Maurice R. Hilleman
Merck Sharp & Dohme Research Laboratories
For discovering the causes of certain viral diseases and for pioneering breakthroughs in vaccine, especially hepatitis B vaccine development throughout the world.
Maurice R. Hilleman has created effective vaccines which have saved millions of people from illness and death from viral, rickettsial, and bacterial infections.
Dr. Hilleman’s career in science has been dedicated to putting the power of basic science at the service of preventive medicine, consistently linking the laboratory, the clinic and the scientific resources of the pharmaceutical community.
Dr. Hilleman and his team developed the first live vaccines against measles, mumps, and rubella, and then produced the combined measles-mumps-rubella (MMR) live virus vaccine now used routinely, worldwide, to immunize children with a single injection. He prepared the first purified poliomyelitis vaccine and the first vaccines against chicken pox, bacterial pneumonias, and meningitis.

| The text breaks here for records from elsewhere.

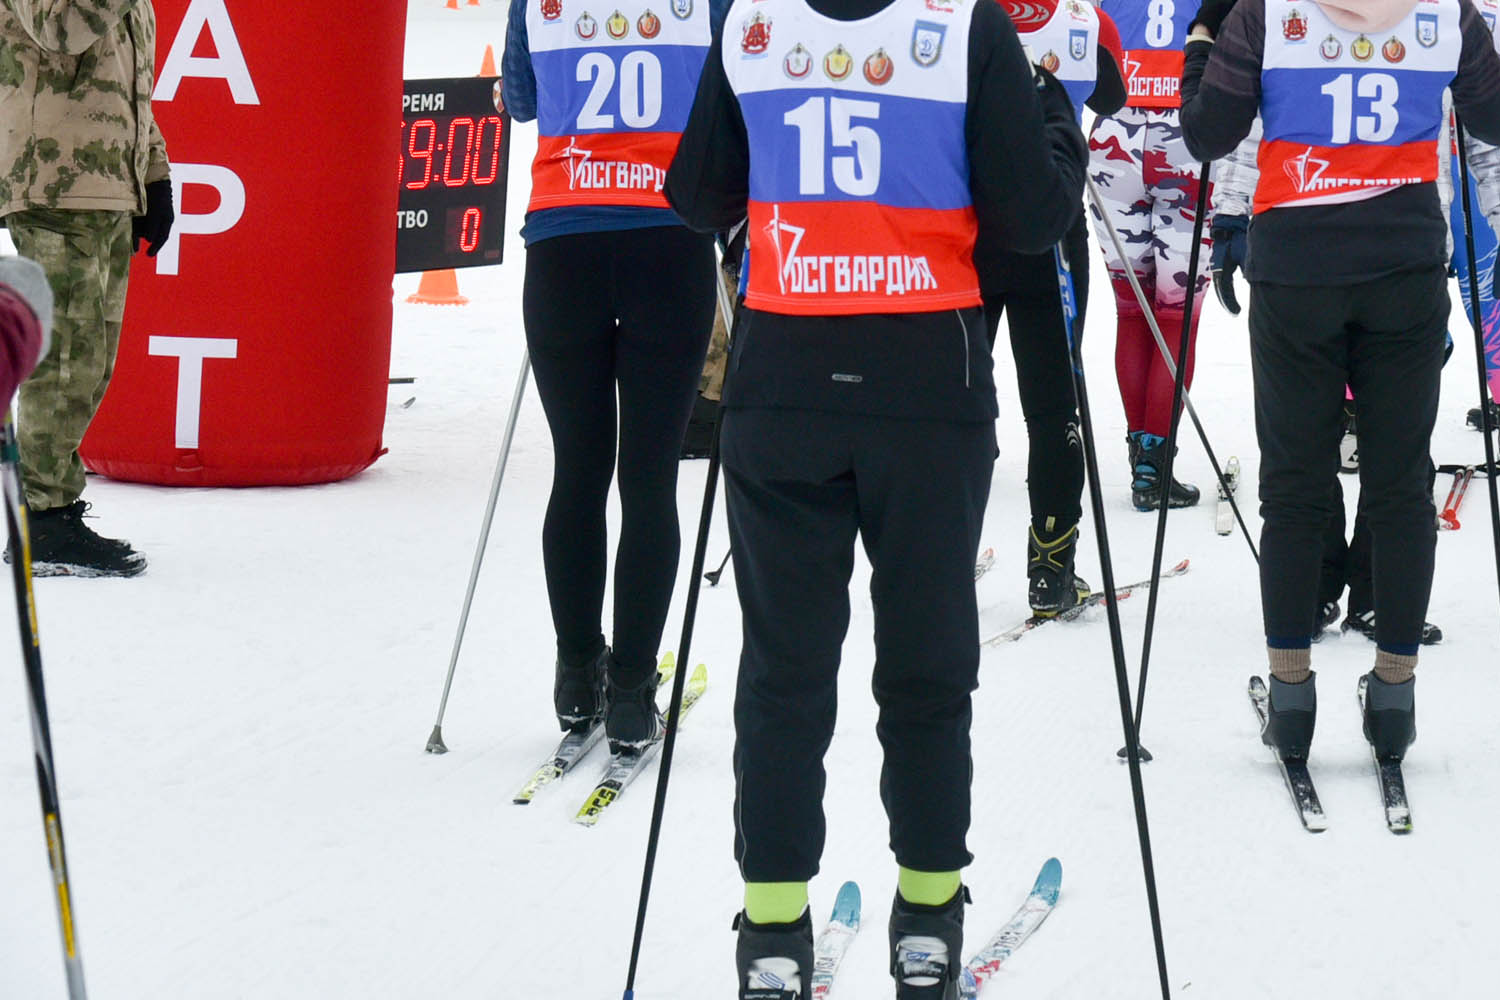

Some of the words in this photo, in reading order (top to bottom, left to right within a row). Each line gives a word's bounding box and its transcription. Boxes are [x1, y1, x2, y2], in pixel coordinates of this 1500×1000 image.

[403, 93, 446, 112] РЕМЯ
[574, 50, 663, 130] 20
[1121, 50, 1181, 97] РОСГВАР
[1321, 72, 1400, 144] 13
[399, 116, 503, 190] 9:00
[558, 136, 668, 192] РОСГВАРД
[783, 96, 882, 197] 15
[460, 208, 481, 252] 0
[764, 203, 938, 296] РОСГВАРДИЯ
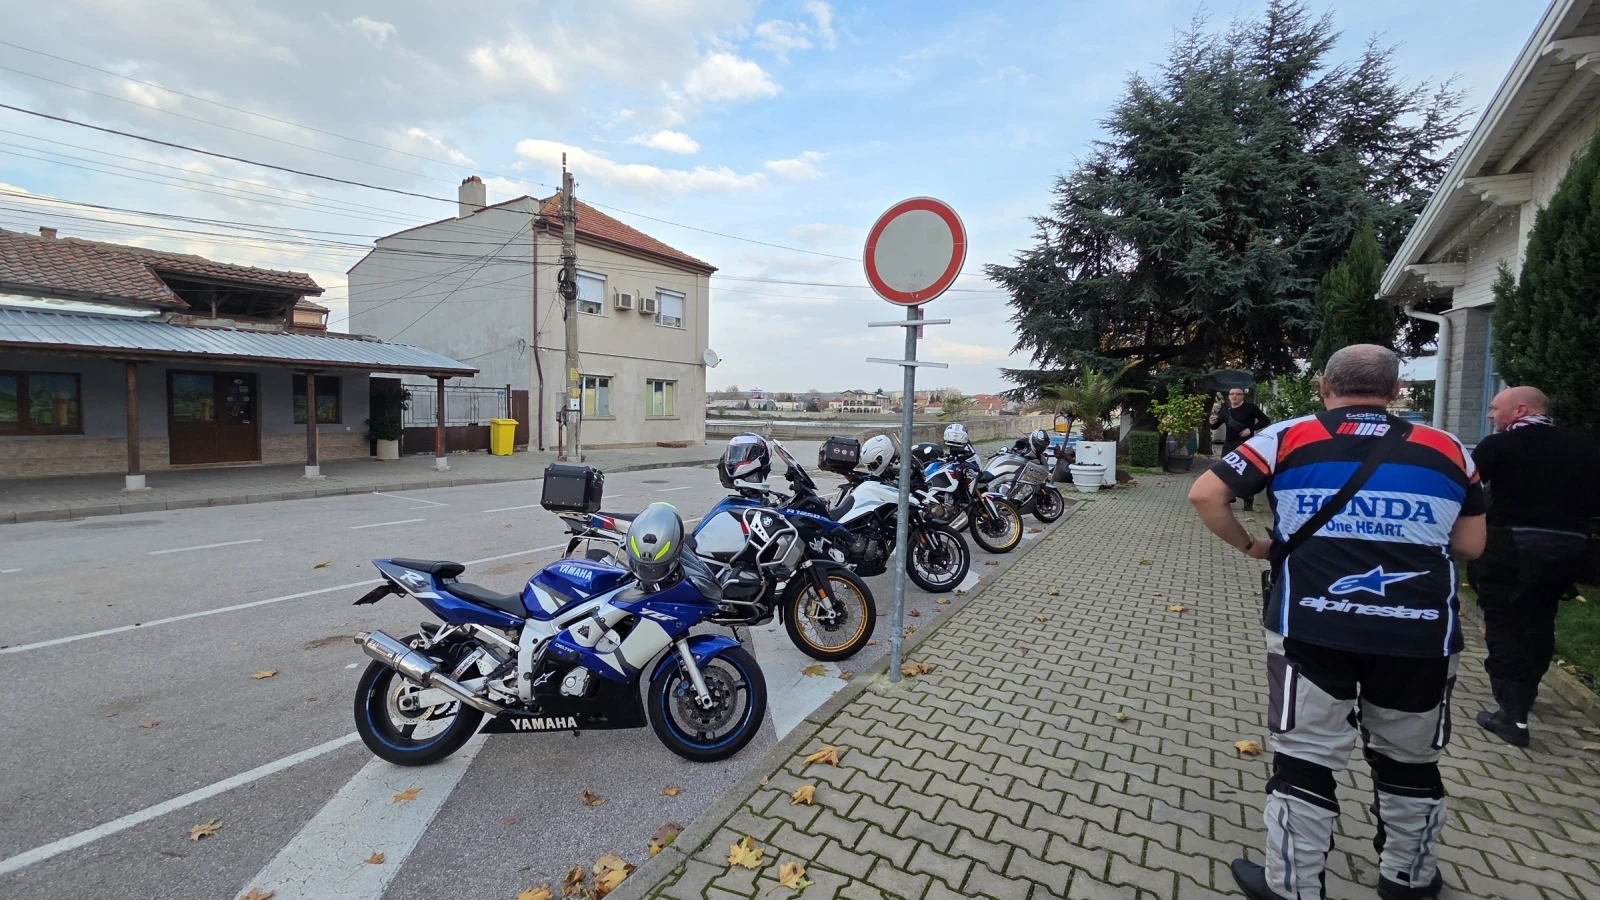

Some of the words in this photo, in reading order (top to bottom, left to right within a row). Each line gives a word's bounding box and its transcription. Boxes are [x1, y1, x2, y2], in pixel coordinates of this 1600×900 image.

[1325, 519, 1353, 533] One
[1355, 520, 1406, 538] HEART.
[558, 564, 593, 581] YAMAHA
[1298, 595, 1440, 621] alpinestars
[510, 716, 578, 731] YAMAHA

Dr. Hilleman also participated in the discovery of many viruses, including the adenoviruses that cause severe respiratory infections, the rhinoviruses which cause the common cold, and the oncogenic SV40 virus. He performed the first substantial purification and definition of interferon, and discovered that it is induced by double-stranded RNA.
His crowning achievement has been the vaccine against the hepatitis B virus. Because hepatitis B plays an important role in cancer of the liver, the hepatitis B vaccine developed by Dr. Hilleman holds hope that it may be the first anti liver-cancer vaccine.
To Dr. Hilleman, for discovering the causes of certain viral disease, and for pioneering breakthroughs in vaccine development for the benefit of mankind, this 1983 Albert Lasker Public Service Award is given.